### Task to carry out
What is needed is a word-for-word copy of every record below, minus the pictures.
[Input data — start]
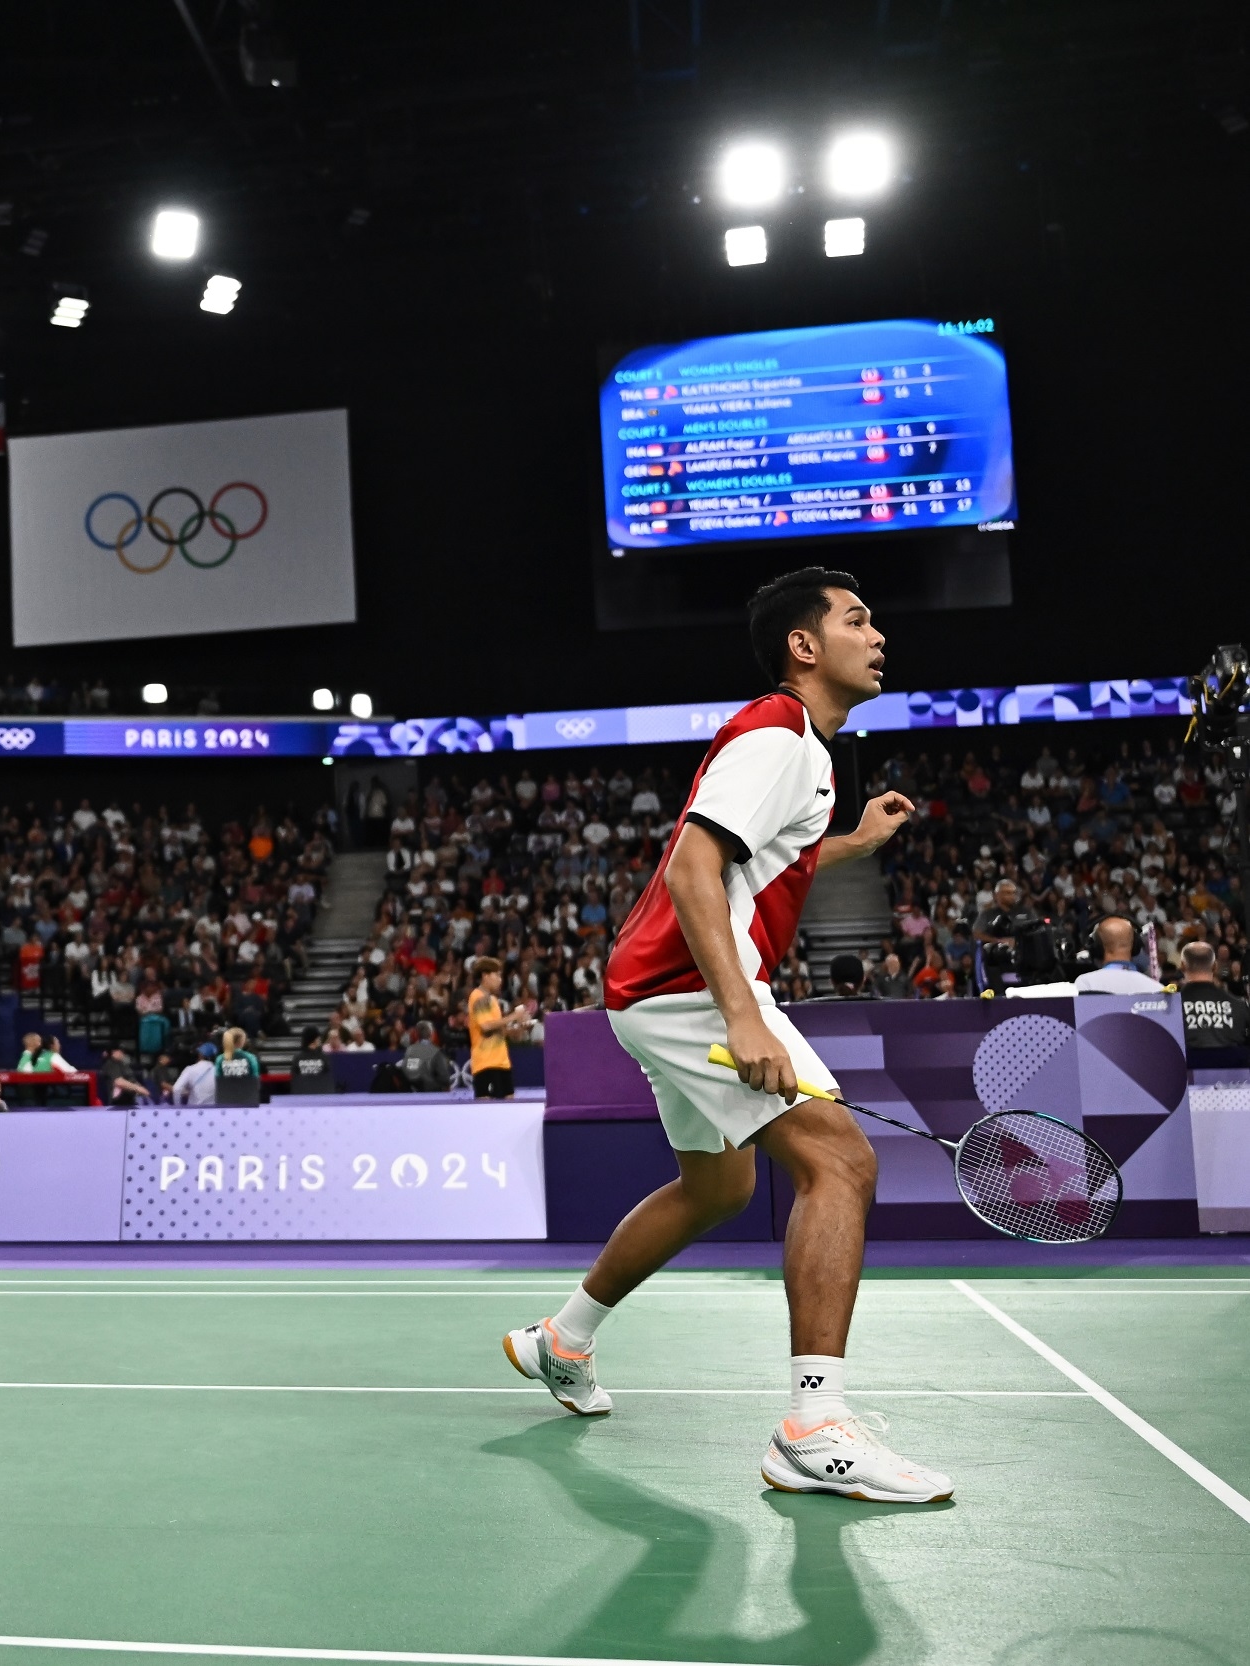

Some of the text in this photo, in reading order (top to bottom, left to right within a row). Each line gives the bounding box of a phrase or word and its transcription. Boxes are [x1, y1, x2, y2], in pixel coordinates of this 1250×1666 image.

[734, 358, 779, 373] SINGLES
[892, 366, 907, 379] 21
[615, 369, 654, 383] COURT
[717, 416, 768, 432] DOUBLES
[897, 424, 912, 437] 21
[618, 426, 658, 440] COURT
[622, 481, 671, 497] COURT 3
[686, 472, 792, 492] WOMEN'S DOUBLES
[902, 502, 918, 515] 21
[929, 500, 945, 513] 21
[204, 728, 270, 749] 2024
[1186, 1014, 1233, 1029] 2024
[352, 1153, 507, 1189] 2024
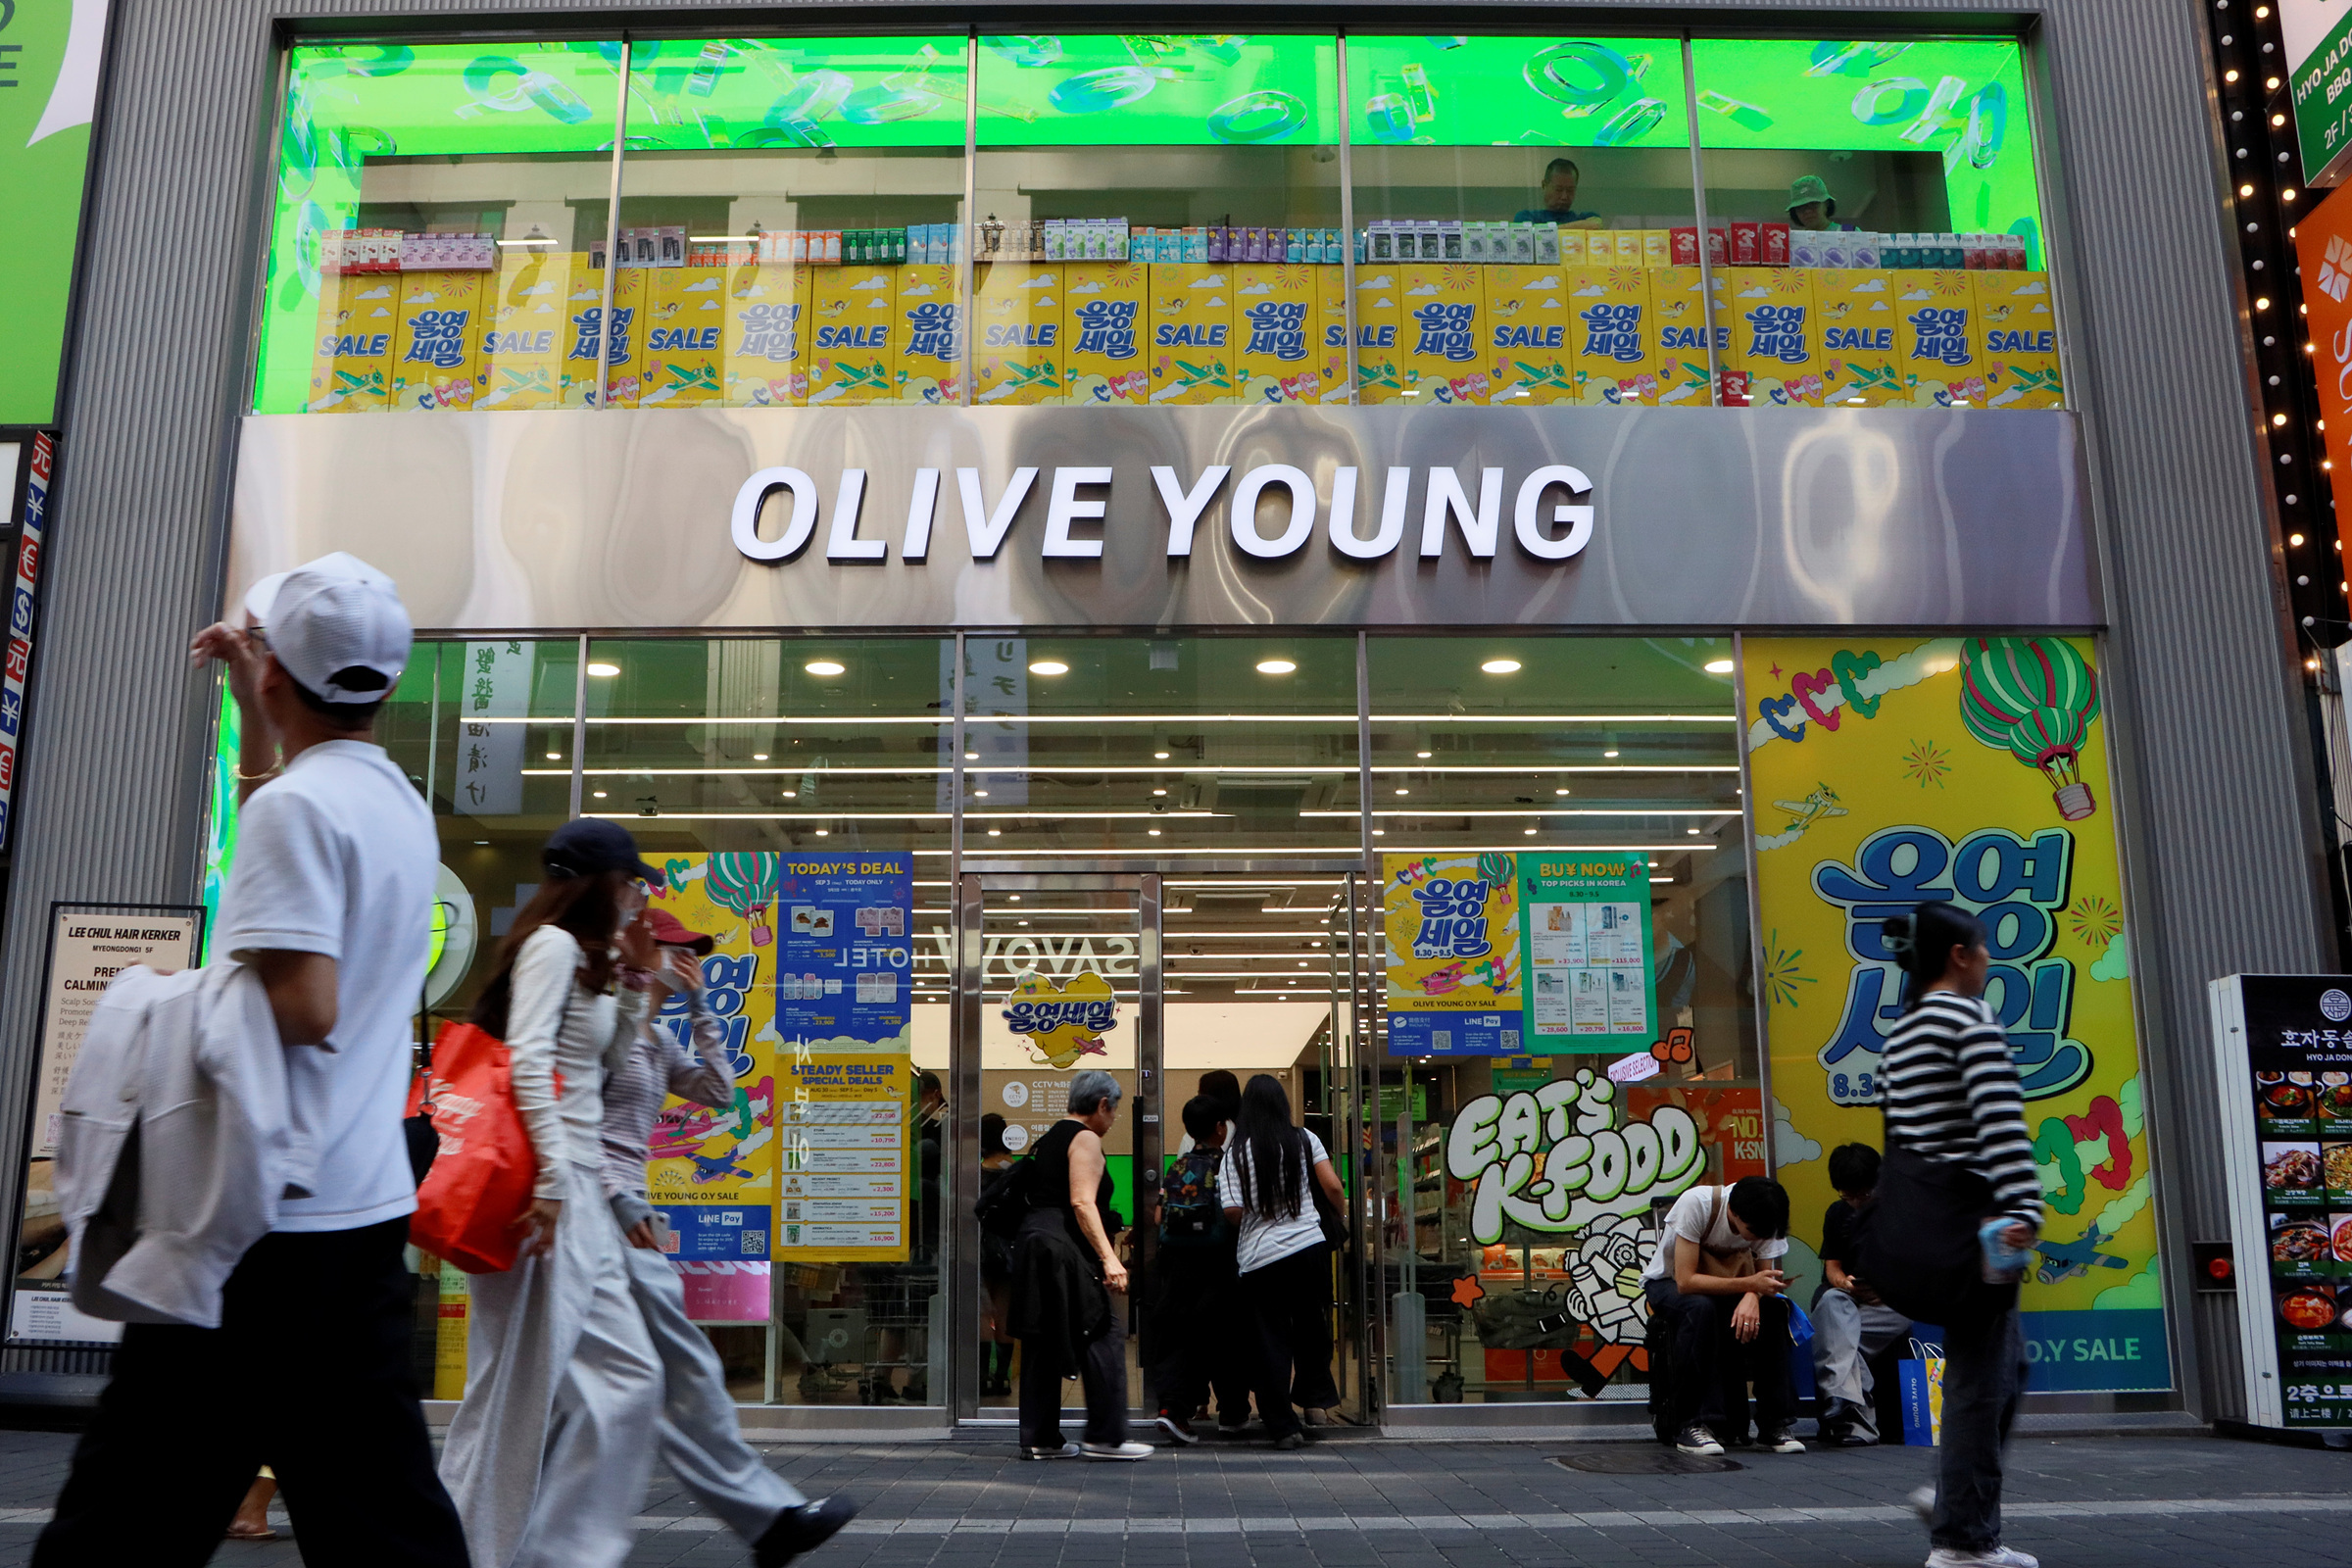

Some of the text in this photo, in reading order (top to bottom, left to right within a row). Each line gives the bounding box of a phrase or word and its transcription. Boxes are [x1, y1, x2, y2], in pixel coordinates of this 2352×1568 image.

[2296, 68, 2322, 106] HYO
[2324, 49, 2339, 76] JA
[2327, 68, 2352, 105] BBQ
[2325, 121, 2338, 150] 2F
[408, 308, 471, 341] 올영
[737, 302, 803, 334] 올영
[1074, 300, 1139, 332] 올영
[1245, 300, 1309, 332] 올영
[1411, 301, 1475, 333] 올영
[1579, 302, 1642, 335] 올영
[1744, 304, 1806, 336] 올영
[1906, 306, 1969, 338] 올영
[318, 333, 391, 358] SALE
[482, 330, 556, 355] SALE
[647, 326, 721, 351] SALE
[734, 330, 799, 363] 세일
[815, 324, 890, 349] SALE
[984, 323, 1058, 348] SALE
[1072, 328, 1139, 361] 세일
[1154, 323, 1229, 348] SALE
[1244, 329, 1309, 362] 세일
[1411, 330, 1476, 362] 세일
[1493, 324, 1565, 349] SALE
[1580, 331, 1645, 364] 세일
[1745, 332, 1810, 366] 세일
[1824, 326, 1894, 351] SALE
[1908, 334, 1971, 367] 세일
[1986, 329, 2056, 354] SALE
[402, 337, 467, 369] 세일
[730, 465, 1595, 565] OLIVE YOUNG
[788, 862, 904, 875] TODAY'S DEAL
[1411, 879, 1491, 918] 올영
[1811, 824, 2076, 967] 올영
[69, 927, 181, 941] LEE CHUL HAIR KERKER
[93, 945, 142, 954] MYEONGDONG1
[1412, 917, 1493, 959] 세일
[1414, 949, 1451, 957] 8.30 9.5
[64, 979, 111, 991] CALMIN
[61, 997, 80, 1007] Scalp
[1001, 1000, 1118, 1035] 올영세일
[59, 1018, 77, 1027] Deep
[791, 1064, 894, 1075] STEADY SELLER
[1609, 1054, 1657, 1082] EXCLUSIVE SELECTION
[1447, 1066, 1616, 1180] EAT'S
[1471, 1104, 1707, 1246] K-FOOD
[698, 1214, 740, 1224] LINE Pay
[2074, 1338, 2141, 1361] SALE
[1912, 1398, 1921, 1429] YOUNG
[Input data — finish]
### Solution
Some of the text in this photo, in reading order (top to bottom, left to right within a row). Each line gives the bounding box of a phrase or word and its transcription. Boxes are [x1, y1, x2, y2], in pixel coordinates of this 1250×1666 image.

[734, 358, 779, 373] SINGLES
[892, 366, 907, 379] 21
[615, 369, 654, 383] COURT
[717, 416, 768, 432] DOUBLES
[897, 424, 912, 437] 21
[618, 426, 658, 440] COURT
[622, 481, 671, 497] COURT 3
[686, 472, 792, 492] WOMEN'S DOUBLES
[902, 502, 918, 515] 21
[929, 500, 945, 513] 21
[204, 728, 270, 749] 2024
[1186, 1014, 1233, 1029] 2024
[352, 1153, 507, 1189] 2024

Some of the text in this photo, in reading order (top to bottom, left to right within a row). Each line gives the bounding box of a phrase or word and its transcription. Boxes are [x1, y1, x2, y2], in pixel coordinates of this 2352×1568 image.

[2296, 68, 2322, 106] HYO
[2324, 49, 2339, 76] JA
[2327, 68, 2352, 105] BBQ
[2325, 121, 2338, 150] 2F
[408, 308, 471, 341] 올영
[737, 302, 803, 334] 올영
[1074, 300, 1139, 332] 올영
[1245, 300, 1309, 332] 올영
[1411, 301, 1475, 333] 올영
[1579, 302, 1642, 335] 올영
[1744, 304, 1806, 336] 올영
[1906, 306, 1969, 338] 올영
[318, 333, 391, 358] SALE
[482, 330, 556, 355] SALE
[647, 326, 721, 351] SALE
[734, 330, 799, 363] 세일
[815, 324, 890, 349] SALE
[984, 323, 1058, 348] SALE
[1072, 328, 1139, 361] 세일
[1154, 323, 1229, 348] SALE
[1244, 329, 1309, 362] 세일
[1411, 330, 1476, 362] 세일
[1493, 324, 1565, 349] SALE
[1580, 331, 1645, 364] 세일
[1745, 332, 1810, 366] 세일
[1824, 326, 1894, 351] SALE
[1908, 334, 1971, 367] 세일
[1986, 329, 2056, 354] SALE
[402, 337, 467, 369] 세일
[730, 465, 1595, 565] OLIVE YOUNG
[788, 862, 904, 875] TODAY'S DEAL
[1411, 879, 1491, 918] 올영
[1811, 824, 2076, 967] 올영
[69, 927, 181, 941] LEE CHUL HAIR KERKER
[93, 945, 142, 954] MYEONGDONG1
[1412, 917, 1493, 959] 세일
[1414, 949, 1451, 957] 8.30 9.5
[64, 979, 111, 991] CALMIN
[61, 997, 80, 1007] Scalp
[1001, 1000, 1118, 1035] 올영세일
[59, 1018, 77, 1027] Deep
[791, 1064, 894, 1075] STEADY SELLER
[1609, 1054, 1657, 1082] EXCLUSIVE SELECTION
[1447, 1066, 1616, 1180] EAT'S
[1471, 1104, 1707, 1246] K-FOOD
[698, 1214, 740, 1224] LINE Pay
[2074, 1338, 2141, 1361] SALE
[1912, 1398, 1921, 1429] YOUNG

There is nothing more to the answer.